“Just when you think you’ve seen everything … you haven’t.” Unless my memory is failing that is what favorite sports announcer NBC’s Al Michaels  said about Russell Wilson’s turn of a botched snap/catch – which under most circumstances would have been a 20 yard set-back – into a first down conversion pass to Tyler Lockett that on the next play allowed the Seahawks to get the ball across the goal line in their 10 – 9 wildcard victory over the frost-bitten Vikings.
Well, similarly to the play which caused Michaels’ comment, here’s the set-up of a “just when you think you’ve seen everything … you haven’t” case I recently reviewed. Basically, we have a flag lot  which has an recorded easement for ingress and egress – i.e. going in and out – which burdens a portion of it so that another neighbor can use to cross an “intersection” to said flag lot neighbors’ property.
What makes this case interesting is that there is a fence along the neighbor’s easement, such that the owner of the burdened land can not use his “flag pole” to exit his property because he would need to remove not just one, but two fences, running alongside the neighbor’s easement.
Now my initial reaction was that this would legally be an uphill climb for the owner of the burdened land. But, the more questions I fielded, the more I came to understand that the burdened owner has a very strong legal argument.
Basically, notwithstanding the fact that the fences are believed to have been in place for longer than the statutory period and as such the burdened land owner has not used the property, because we are dealing with an easement instead of the fee simple – i.e. full – ownership of land, the legal analysis ought to cut to the owner of the burdened land.
The reason for this goes to the Washington Supreme Court’s unanimous, en banc – i.e. all 9 Justices sitting – decision in the 2006 case of Heg v. Alldredge.  Heg basically provides that an easement can only be extinguished expressly by the benefited land owner … and not by mere abandonment. Heg’s rationale is bottomed on the legal determination that the land owner must be put on notice that the land owners benefited by the easement are having their land removed from them.
This is important because certainly if “sticks of property” from the original “full bundle” of property rights can’t be taken from the (property right receiving) land owner benefited by the easement, the land owner burdened by the easement – by necessary corollary – can not be divested of the remainder of those property rights that he or she retains.
Why would this be the case? Because notwithstanding the fact that the fences exclude others and are are out there for the full world to see, the land owner burdened by the easement does not have notice that the land owner benefited by the easement is seeking to extinguish his or her retained rights.
Essentially, the land owner burdened by the easement has given permission to use the land beyond the scope of the easement. And here please recall that permissive use is subordinate to the superior rights of the one who grants it and thus those uses can be revoked.
I suppose it is possible an appellate court would not rule this way. But even if that isn’t how it would decide, this is a valid question ripe with merit for decision. Will I be the one bringing this case for that determination? … I highly suspect not.

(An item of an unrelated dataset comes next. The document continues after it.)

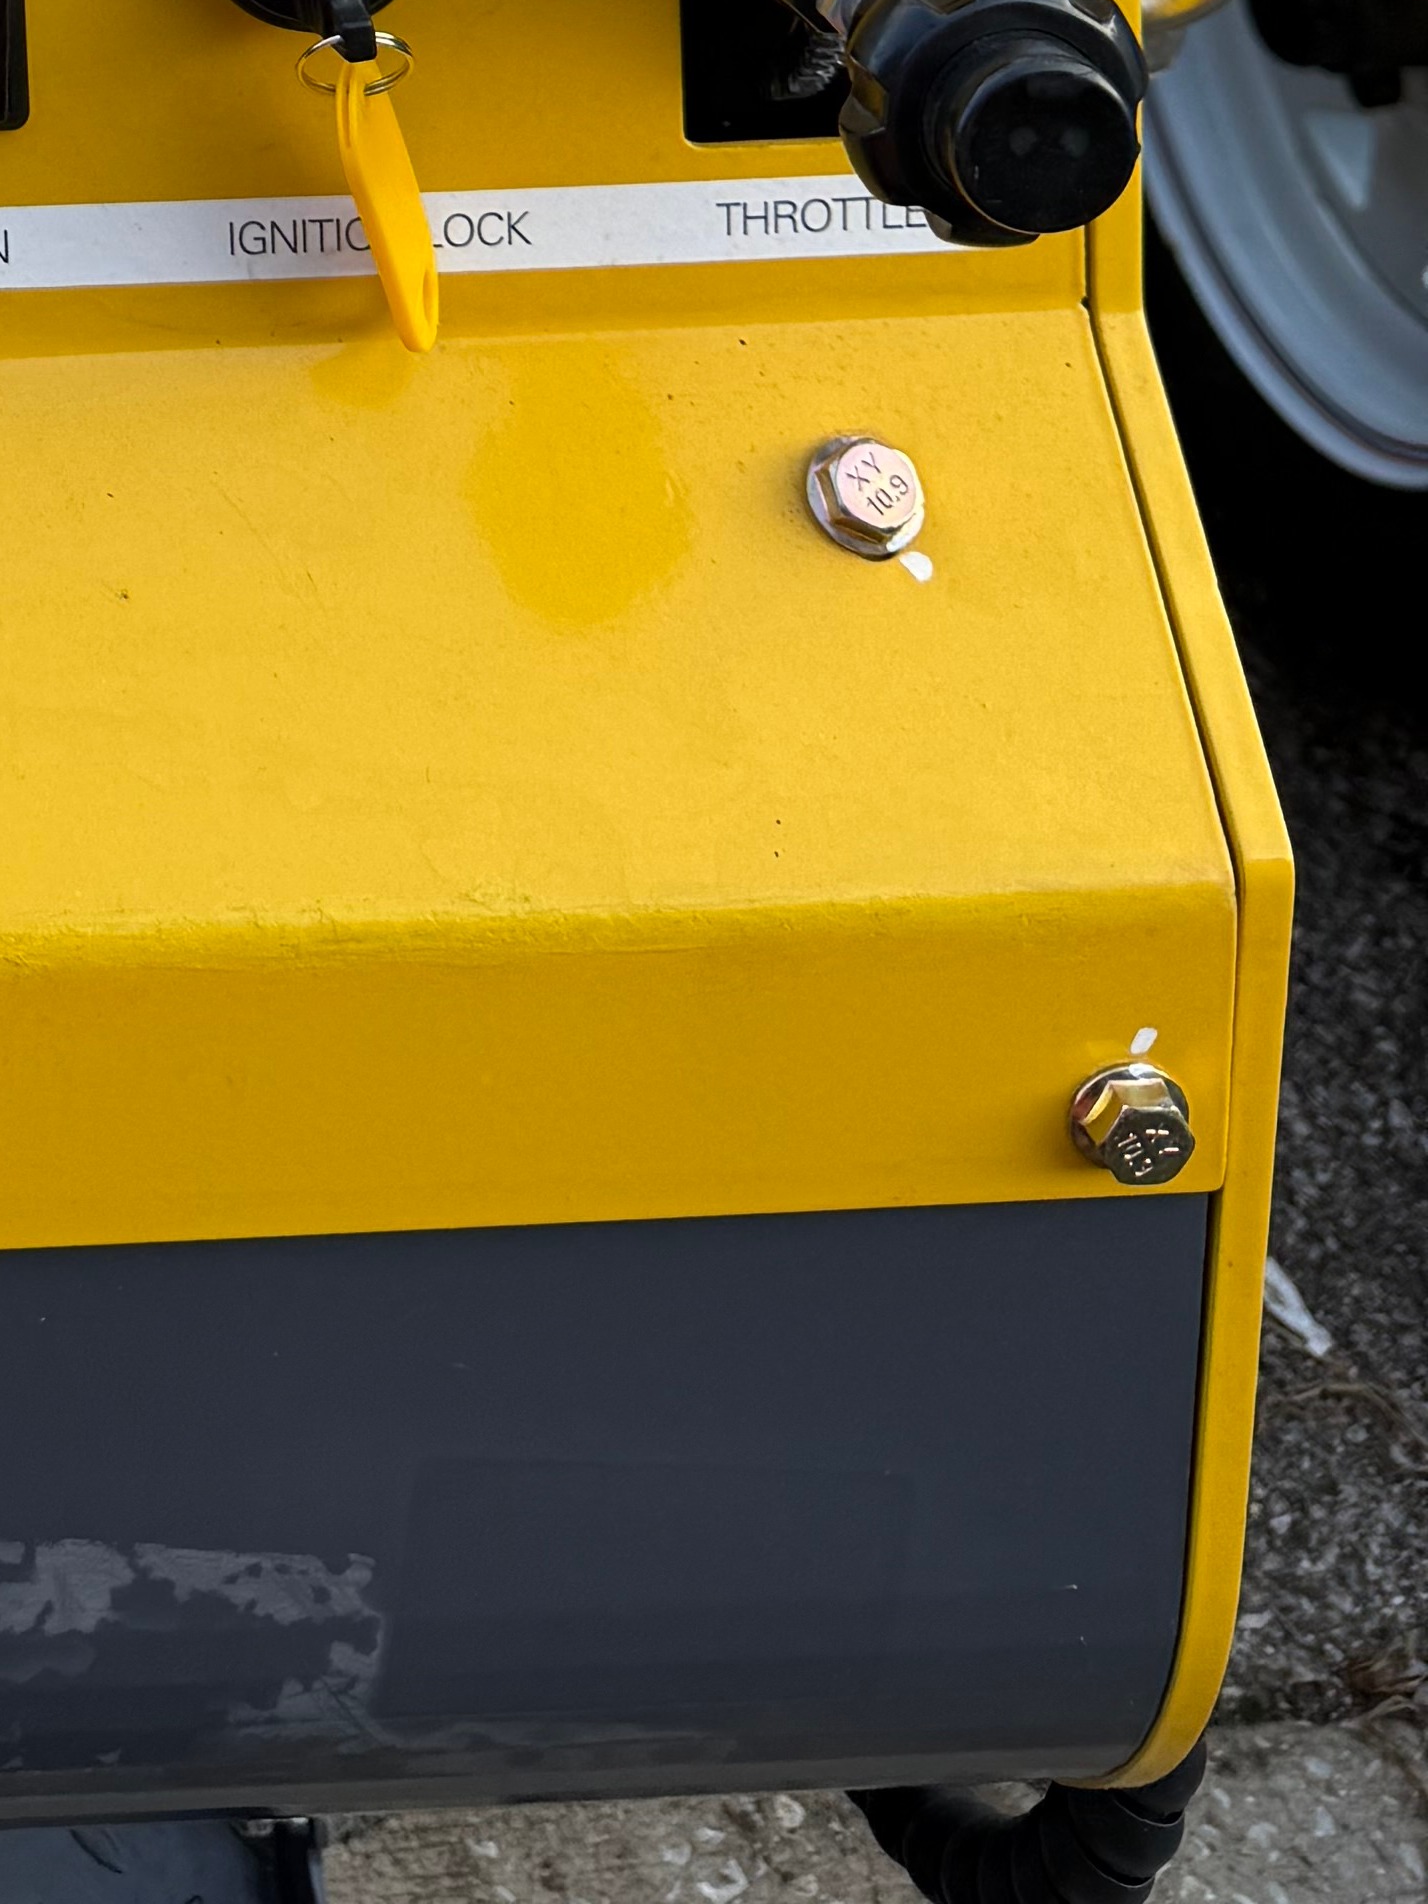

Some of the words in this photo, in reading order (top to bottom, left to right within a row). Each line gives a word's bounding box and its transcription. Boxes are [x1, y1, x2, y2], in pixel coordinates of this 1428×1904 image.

The reason is because while this explanation may be a little daunting, I would seek to clarify it if need be and explain along with an offer for opposing counsel to pass to the neighbor that if they want to press it, this is a case which either side could easily appeal and as such legal engagement is the equivalent of mutually assured destruction.
Instead, one would want to work with the neighbor to attack not each other, but the problems instead. Basically, while there are potentially some valid concerns which might be solved (by perhaps installment of a gate to replace the fence), the net effect of opening the private, easement “intersection” so that both parties can use it is a net positive. And this goes to the final point: “The law seeks to allow land to go to its highest and best use.”
Let’s save the miracles for other contests … like an opportunity for the Seahawks to play and crush the “deflate gate champions” in Super Bowl 50!
BTW – That’s not an expression of concern that Seattle will have any difficulty dispatching Carolina and then either Phoenix or Green Bay. No, instead that’s a prayer which goes out to Boston!
 The reason Al Micheal’s is my all time favorite sports announcer because of his indelible, 1980 call of the US Olympic hockey team’s 4-3 upset of the Soviet Union – The Miracle on Ice.
 Flag lots have the appearance of a flag whereby the main portion of the lot is usually connected by a narrow portion to a roadway. Essentially, instead of having an easement serving ingress and egress purposes – which is in fact what the adjoining neighbor in this case in this particular case – there is a “flag pole” portion of the lot which in place for the purpose of ingress and egress.
 See FindLaw’s republishing of Heg v. Alldredge [HERE].